* _Exercise_
Each line from the one containing "this 1838×1551 image." to the end of the listing below must be retyped exactly, with no line left out and none added.

* _Recorded data_

....

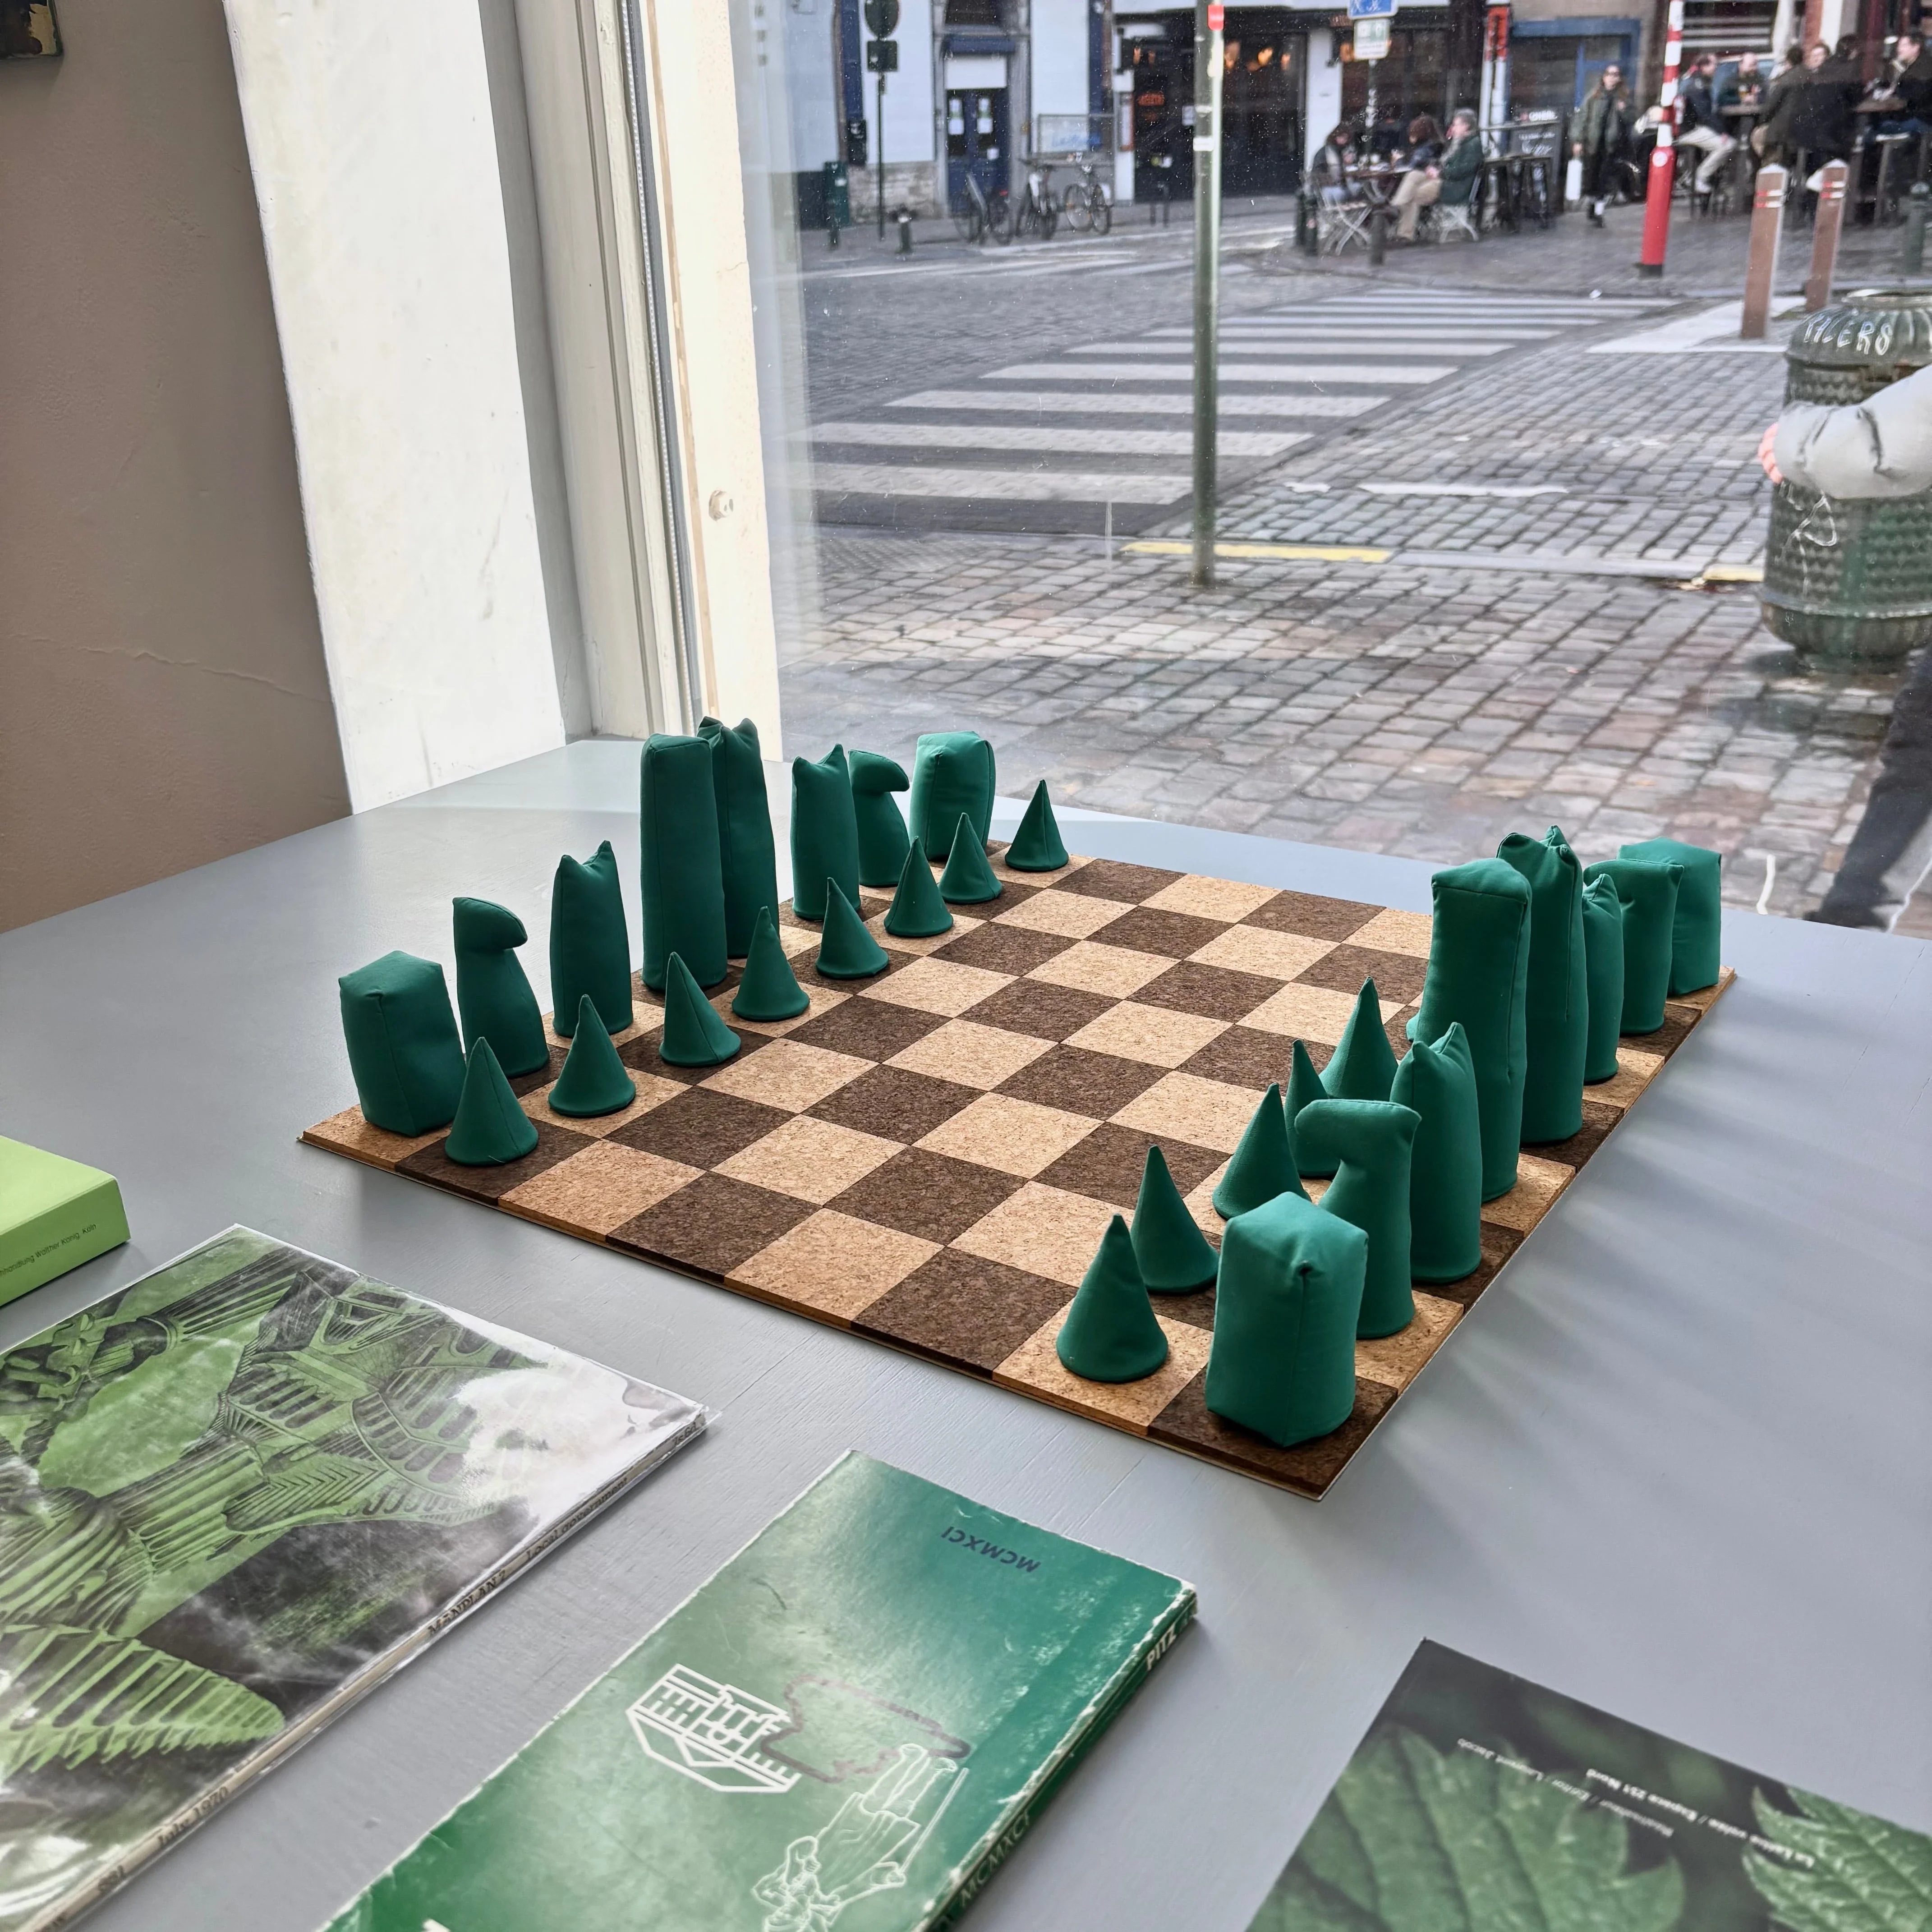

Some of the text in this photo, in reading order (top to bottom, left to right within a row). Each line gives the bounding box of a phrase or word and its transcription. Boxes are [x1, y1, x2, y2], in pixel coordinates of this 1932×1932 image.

[35, 1242, 60, 1258] Walther
[526, 1531, 559, 1560] Local
[561, 1477, 628, 1534] government
[941, 1526, 1041, 1573] MCMXCI
[1146, 1623, 1177, 1671] PITZ
[1457, 1738, 1495, 1759] Jacob
[1586, 1768, 1622, 1790] Nord
[1622, 1783, 1647, 1800] 251
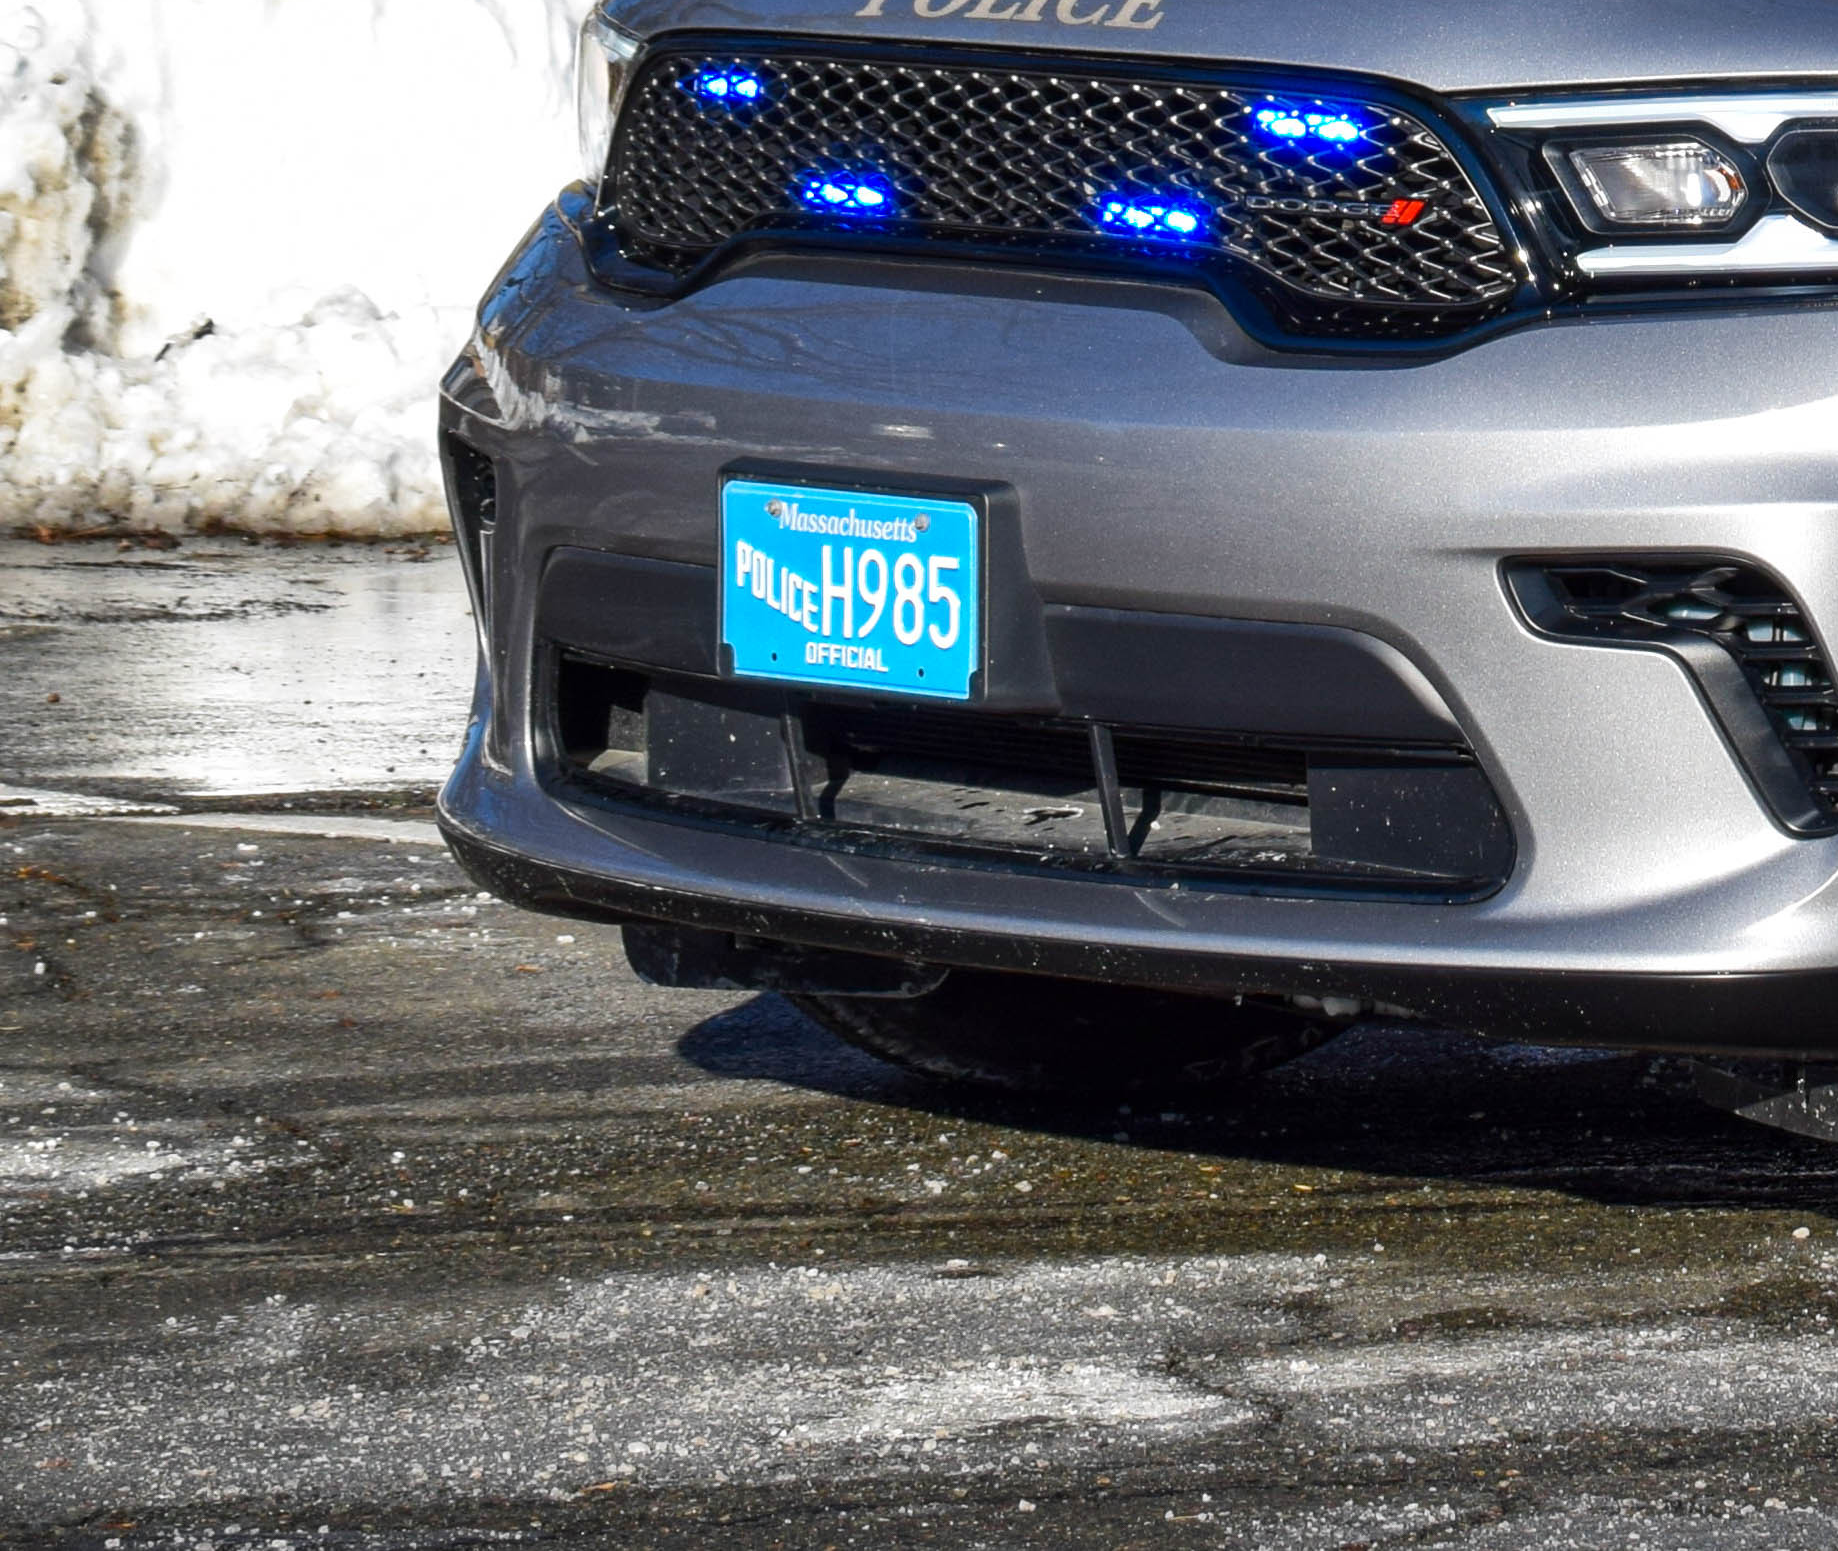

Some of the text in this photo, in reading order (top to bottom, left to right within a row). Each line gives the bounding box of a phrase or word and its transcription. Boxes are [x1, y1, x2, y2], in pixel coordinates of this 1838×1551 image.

[1246, 196, 1393, 217] DODGE
[778, 501, 917, 543] Massachusetts
[736, 539, 819, 633] POLICE
[822, 544, 961, 650] H985
[805, 641, 888, 673] OFFICIAL

....

* _Exercise answer_
Some of the text in this photo, in reading order (top to bottom, left to right within a row). Each line gives the bounding box of a phrase or word and its transcription. Boxes are [x1, y1, x2, y2], in pixel coordinates of this 1838×1551 image.

[1246, 196, 1393, 217] DODGE
[778, 501, 917, 543] Massachusetts
[736, 539, 819, 633] POLICE
[822, 544, 961, 650] H985
[805, 641, 888, 673] OFFICIAL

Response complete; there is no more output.